Mais elle passait surtout pour excentrique.

Du temps des perruques à queue, les grandes dames étaient esprits forts ; la philosophie était de mode. Aujourd’hui, aucune d’elles n’a plus de caprices ; les caprices sont mauvais genre ; ce sont les excentricités qui deviennent de bon goût.
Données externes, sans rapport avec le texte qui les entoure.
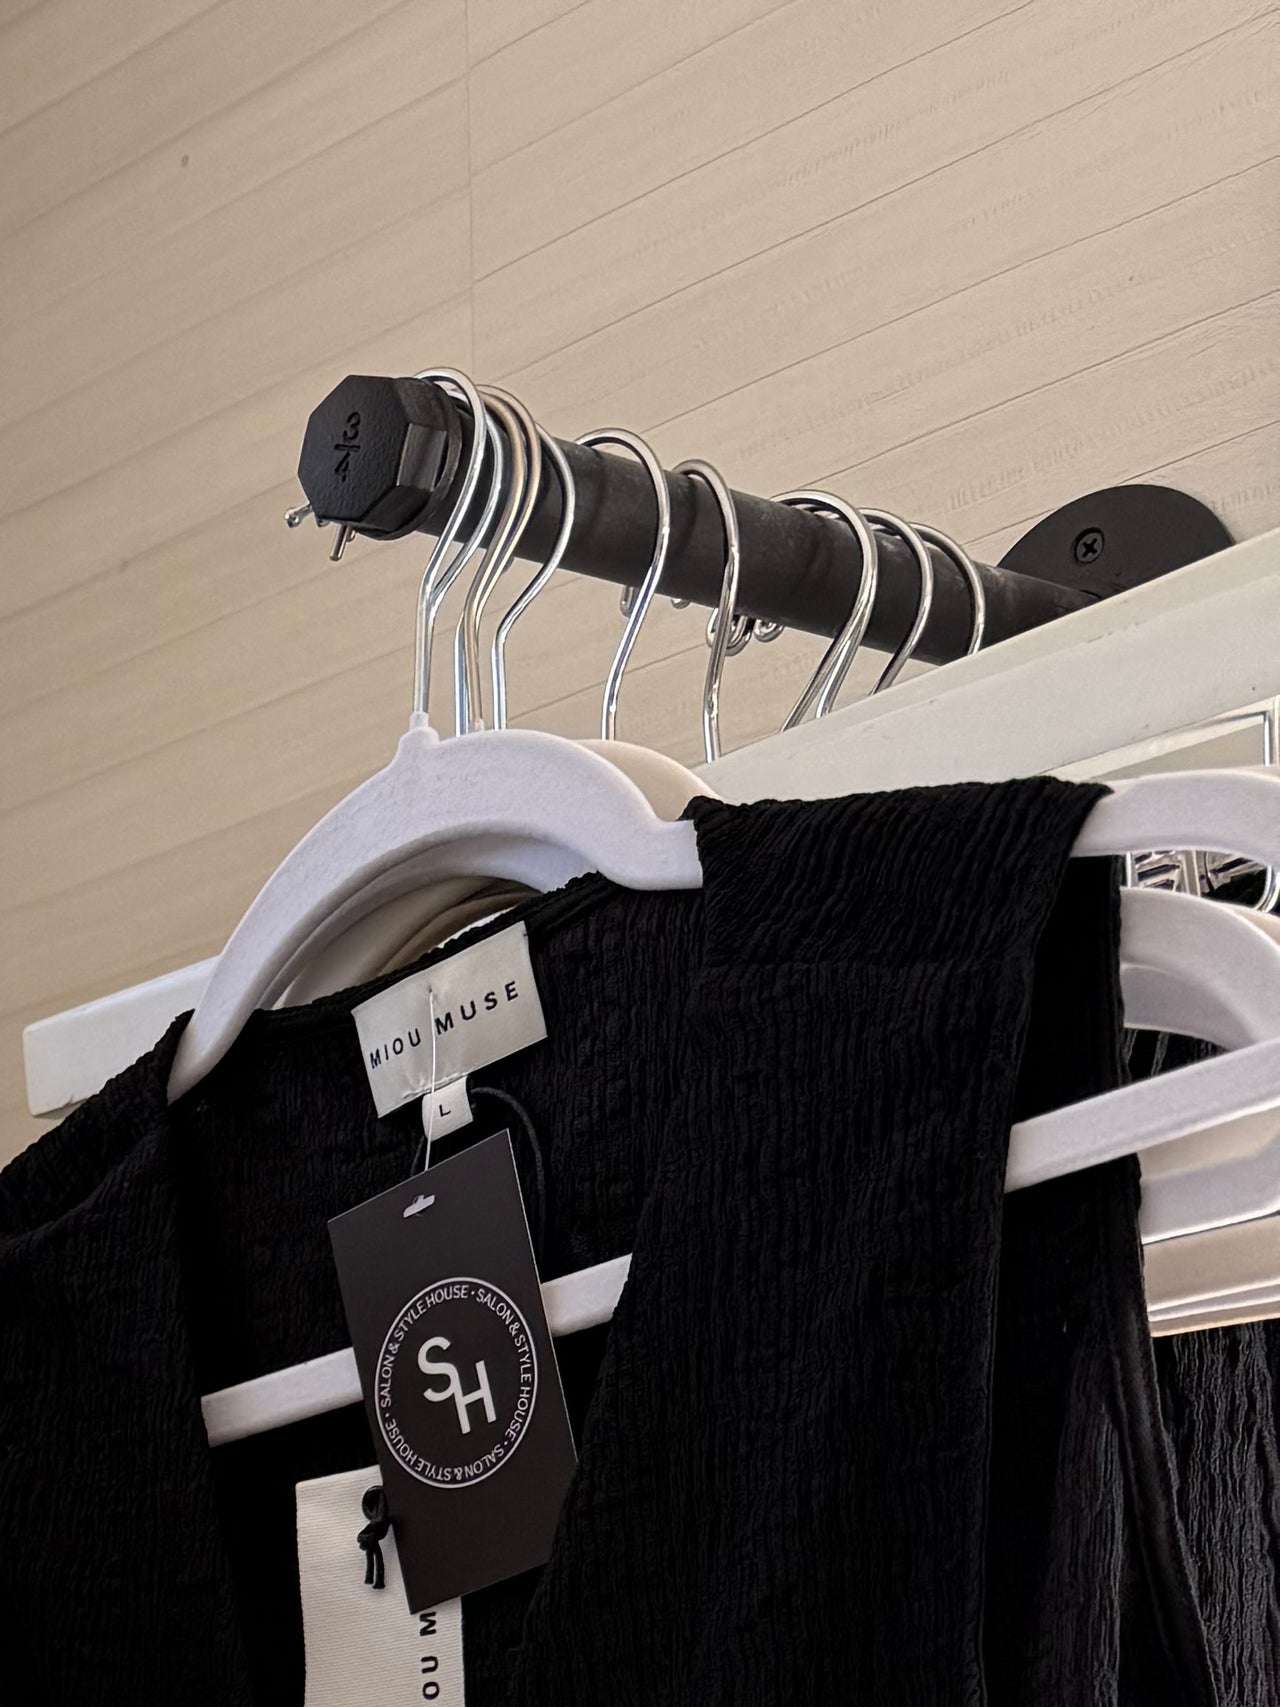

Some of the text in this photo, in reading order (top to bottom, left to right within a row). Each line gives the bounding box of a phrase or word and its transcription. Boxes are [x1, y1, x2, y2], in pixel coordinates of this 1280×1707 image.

Dans les excentricités de la comtesse Bärnburg, il y a un trait marquant : l’universalité. Recevant tout le monde, elle prodigue, à tort ou à raison, la pluie d’or de sa sympathie. Elle brode une chasuble pour le beau dominicain Hasfege, de cette main qui tient le lorgnon pour admirer les Sept Pêchés capitaux de Mackart. Elle ne craint pas de chanter la chansonnette, après Thérèse et Mannsfeld, de quêter pour le pape à la porte des églises, de danser le cancan, et, en temps de guerre, elle soigne les blessés. Selon l’occasion elle est naïve, maligne, bonne, spirituelle, coquette, prodigue, galante, vertueuse, frivole ou pieuse, gaie ou sentimentale ; mais elle ne cesse jamais d’être enthousiaste.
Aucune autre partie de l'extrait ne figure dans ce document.